At the sort of four-star, award-winning New York restaurant where mere mortals have to wait months to get within sniffing distance of a table, the phrase "fully committed" is a pretentious euphemism for "fully booked".
At the sort of four-star, award-winning New York restaurant where mere mortals have to wait months to get within sniffing distance of a table, the phrase "fully committed" is a pretentious euphemism for "fully booked". It carries the irritating implication that the eaterie is somehow performing a selfless public service rather than trading on the snobbish competitive instincts of would-be diners.
The entertaining trick in Becky Mode's play is to show us one of these swanky Upper East Side establishments entirely from the perspective of Sam, a harassed struggling actor who has a job working the phones in the restaurant's reservation department. The further twist is that both sides are brought to life in a vivid and virtuosic solo turn by Mark Setlock (who also helped the author in the development of the piece).
The grungy subterranean basement where Sam fields calls is, in every respect but the telephonic, a far cry from the wall-to-wall luxury above. As lowly intermediary, the character is well-placed to allow Mode to satirise the egomaniacal behaviour of both the restaurant big-wigs and the pushy clientele. Only a pathological optimist or one of the "people" of an A-list celebrity would dream of ringing in the hope of short-term satisfaction and the one guy among the hectic hubbub who can afford to sound confident throughout is an aide to Naomi Campbell. He's down the line several times, making ever more specific demands - from the dietary (she requires and all-vegan menu) to the theatrical (the bulbs in the lighting sconces are too harsh and will have to be replaced).
Other callers range from an 84-year-old lady with a rambling complaint about not getting her senior citizen's discount to an imperious society matron who finds that not even dropping the name of famed architect Philip Johnson can induce the restaurant to shift a visiting Sheikh from her preferred table. While trying to cope with these dissatisfied customers, Sam also has to deal with interventions from friends, family, and staff (the power-crazed chef has his own hotline to the basement via a special phone that keeps summoning beleaguered Sam with its peremptory farting sound).
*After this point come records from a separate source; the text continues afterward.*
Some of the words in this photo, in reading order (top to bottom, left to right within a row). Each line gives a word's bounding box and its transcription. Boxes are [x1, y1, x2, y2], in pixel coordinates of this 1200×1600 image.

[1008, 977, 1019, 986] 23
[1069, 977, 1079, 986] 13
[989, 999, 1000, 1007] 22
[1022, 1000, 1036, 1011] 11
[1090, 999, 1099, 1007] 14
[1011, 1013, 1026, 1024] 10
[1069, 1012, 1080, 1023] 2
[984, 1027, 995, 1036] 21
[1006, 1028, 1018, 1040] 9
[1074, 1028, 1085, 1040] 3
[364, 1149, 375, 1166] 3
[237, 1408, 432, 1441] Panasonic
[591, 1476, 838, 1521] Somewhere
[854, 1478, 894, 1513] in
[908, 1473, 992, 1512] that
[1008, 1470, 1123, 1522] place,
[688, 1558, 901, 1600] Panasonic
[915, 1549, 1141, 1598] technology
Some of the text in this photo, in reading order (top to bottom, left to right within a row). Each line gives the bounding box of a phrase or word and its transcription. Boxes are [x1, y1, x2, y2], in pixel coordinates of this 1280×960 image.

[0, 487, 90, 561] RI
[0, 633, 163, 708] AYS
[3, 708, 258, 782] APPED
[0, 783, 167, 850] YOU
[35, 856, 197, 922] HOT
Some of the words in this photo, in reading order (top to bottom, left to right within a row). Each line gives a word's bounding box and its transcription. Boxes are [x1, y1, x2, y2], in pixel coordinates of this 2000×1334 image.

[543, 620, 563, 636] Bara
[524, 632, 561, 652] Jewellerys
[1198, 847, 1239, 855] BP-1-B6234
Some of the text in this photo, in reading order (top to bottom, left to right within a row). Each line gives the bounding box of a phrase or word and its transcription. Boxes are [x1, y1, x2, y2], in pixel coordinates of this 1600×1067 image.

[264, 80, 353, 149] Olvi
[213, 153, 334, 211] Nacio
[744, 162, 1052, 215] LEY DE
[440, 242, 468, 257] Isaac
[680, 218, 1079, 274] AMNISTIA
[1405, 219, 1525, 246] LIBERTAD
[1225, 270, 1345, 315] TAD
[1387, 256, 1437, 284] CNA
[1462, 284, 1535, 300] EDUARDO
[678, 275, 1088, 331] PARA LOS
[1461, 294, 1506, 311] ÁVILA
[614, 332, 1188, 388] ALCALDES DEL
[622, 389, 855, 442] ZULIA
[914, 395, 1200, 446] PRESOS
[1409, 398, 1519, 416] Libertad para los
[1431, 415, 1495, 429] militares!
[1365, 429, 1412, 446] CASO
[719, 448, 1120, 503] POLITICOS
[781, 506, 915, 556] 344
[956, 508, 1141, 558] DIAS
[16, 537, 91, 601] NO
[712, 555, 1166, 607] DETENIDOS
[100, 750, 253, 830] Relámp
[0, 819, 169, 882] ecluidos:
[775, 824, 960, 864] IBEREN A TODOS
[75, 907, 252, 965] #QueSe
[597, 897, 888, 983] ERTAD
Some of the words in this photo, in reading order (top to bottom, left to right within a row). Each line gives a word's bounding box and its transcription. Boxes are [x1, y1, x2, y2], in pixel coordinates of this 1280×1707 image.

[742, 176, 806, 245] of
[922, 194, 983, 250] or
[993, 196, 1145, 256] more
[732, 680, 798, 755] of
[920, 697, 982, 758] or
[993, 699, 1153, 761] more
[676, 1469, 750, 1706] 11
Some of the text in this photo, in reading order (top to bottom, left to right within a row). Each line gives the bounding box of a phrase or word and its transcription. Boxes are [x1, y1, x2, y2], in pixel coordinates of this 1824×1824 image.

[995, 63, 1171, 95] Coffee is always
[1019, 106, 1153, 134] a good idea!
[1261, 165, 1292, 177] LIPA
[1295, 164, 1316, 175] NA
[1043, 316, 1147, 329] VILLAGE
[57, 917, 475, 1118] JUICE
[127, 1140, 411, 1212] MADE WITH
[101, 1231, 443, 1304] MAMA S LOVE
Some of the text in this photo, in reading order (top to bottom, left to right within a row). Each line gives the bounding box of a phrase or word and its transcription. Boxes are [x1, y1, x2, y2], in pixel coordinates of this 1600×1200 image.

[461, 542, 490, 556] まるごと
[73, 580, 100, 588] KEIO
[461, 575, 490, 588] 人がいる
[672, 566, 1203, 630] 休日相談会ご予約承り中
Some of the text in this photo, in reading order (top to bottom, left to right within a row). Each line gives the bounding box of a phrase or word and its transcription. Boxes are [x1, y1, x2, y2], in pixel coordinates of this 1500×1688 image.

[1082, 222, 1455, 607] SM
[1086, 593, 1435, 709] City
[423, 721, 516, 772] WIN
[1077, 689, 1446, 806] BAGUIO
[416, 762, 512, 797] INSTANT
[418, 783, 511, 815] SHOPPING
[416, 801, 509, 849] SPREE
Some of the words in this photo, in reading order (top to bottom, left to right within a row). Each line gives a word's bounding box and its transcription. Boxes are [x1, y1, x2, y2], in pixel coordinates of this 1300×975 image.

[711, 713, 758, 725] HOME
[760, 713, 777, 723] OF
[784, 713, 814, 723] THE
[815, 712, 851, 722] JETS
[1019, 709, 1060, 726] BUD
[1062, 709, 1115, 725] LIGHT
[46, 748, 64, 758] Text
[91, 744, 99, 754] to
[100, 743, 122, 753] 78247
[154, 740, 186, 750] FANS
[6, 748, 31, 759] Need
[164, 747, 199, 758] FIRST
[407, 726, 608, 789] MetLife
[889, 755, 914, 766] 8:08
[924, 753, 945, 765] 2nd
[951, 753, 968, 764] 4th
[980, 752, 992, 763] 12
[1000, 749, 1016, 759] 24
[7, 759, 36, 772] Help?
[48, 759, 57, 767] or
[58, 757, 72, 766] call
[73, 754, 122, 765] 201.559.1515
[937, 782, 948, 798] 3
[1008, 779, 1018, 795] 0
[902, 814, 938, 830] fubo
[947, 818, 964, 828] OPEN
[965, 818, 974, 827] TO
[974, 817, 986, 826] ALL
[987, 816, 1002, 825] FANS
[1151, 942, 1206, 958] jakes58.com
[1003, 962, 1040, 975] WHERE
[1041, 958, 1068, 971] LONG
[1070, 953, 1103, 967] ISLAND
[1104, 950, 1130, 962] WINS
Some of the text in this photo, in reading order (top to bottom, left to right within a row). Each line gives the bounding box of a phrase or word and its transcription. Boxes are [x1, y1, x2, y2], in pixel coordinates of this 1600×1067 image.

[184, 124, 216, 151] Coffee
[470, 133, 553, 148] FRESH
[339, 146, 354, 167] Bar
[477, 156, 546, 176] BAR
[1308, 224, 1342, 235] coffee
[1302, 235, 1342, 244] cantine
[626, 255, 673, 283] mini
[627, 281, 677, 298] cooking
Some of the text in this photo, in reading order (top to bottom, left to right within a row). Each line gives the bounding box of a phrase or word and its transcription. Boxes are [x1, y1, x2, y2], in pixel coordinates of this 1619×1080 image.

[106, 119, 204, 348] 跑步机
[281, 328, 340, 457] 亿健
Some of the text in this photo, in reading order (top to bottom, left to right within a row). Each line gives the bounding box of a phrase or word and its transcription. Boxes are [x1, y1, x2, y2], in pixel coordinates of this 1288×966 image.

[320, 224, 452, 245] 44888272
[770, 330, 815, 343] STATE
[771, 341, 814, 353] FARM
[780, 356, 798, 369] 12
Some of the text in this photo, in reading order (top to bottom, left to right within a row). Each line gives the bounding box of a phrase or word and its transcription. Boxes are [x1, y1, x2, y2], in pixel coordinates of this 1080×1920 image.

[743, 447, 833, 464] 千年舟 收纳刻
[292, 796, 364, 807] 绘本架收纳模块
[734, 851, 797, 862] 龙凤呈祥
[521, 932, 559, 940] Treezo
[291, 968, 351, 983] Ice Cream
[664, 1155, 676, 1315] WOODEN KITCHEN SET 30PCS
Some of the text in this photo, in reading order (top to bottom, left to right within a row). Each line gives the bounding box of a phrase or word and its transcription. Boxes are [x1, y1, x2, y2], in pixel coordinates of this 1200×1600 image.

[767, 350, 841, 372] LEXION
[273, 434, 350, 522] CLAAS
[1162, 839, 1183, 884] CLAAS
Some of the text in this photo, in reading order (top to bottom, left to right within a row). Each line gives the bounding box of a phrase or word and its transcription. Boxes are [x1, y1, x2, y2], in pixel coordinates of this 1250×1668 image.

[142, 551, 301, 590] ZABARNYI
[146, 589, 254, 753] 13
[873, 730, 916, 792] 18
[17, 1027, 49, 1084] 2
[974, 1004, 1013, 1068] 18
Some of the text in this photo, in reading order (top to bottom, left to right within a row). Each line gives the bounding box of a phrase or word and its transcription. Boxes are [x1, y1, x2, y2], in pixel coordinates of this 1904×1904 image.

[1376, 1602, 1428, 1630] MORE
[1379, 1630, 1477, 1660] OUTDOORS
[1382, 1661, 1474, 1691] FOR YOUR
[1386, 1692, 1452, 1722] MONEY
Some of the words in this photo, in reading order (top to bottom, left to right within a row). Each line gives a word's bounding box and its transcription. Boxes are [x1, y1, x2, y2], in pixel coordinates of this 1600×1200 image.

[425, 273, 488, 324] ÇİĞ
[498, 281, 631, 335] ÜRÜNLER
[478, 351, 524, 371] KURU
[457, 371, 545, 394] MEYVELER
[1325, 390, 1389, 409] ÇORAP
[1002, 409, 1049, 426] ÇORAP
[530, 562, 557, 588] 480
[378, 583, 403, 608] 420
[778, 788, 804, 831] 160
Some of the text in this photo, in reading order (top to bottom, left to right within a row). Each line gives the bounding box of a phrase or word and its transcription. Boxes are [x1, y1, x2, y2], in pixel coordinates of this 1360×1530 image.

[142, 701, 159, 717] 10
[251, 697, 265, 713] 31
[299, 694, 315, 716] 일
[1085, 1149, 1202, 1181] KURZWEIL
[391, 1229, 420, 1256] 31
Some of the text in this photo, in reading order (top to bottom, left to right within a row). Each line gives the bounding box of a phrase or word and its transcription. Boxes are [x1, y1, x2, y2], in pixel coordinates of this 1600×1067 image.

Technically, the show is a tour de force. Mark Setlock seems to be grip of some madly exuberant identity crisis as he switches accents, mannerisms and personalities with dazzling speed. With three of four callers needing to be kept sweet simultaneously and put on and off hold, his exertions also give the pleasure you get from watching a highly skilled juggling act. As a piece of drama, though, Fully Committed is pretty lean cuisine. A woman at his agent's office tells Sam that perhaps he isn't getting roles because he tends to convey "a certain lack of entitlement".
The irony is that he has to listen all day to people whose sense of entitlement borders on the insane (at one point, a dowager demands to be placed in "first slot on the VIP Priority Waiting List"; Gordon Ramsay even puts in a brief appearance, making a characteristically fragrantly phrased request for a table). This theme, though, is never adequately developed and the plot (which involves a visit from the Zagats of the mighty Zagat Survey) is thin and tasteless. Reservations, then, onstage and off.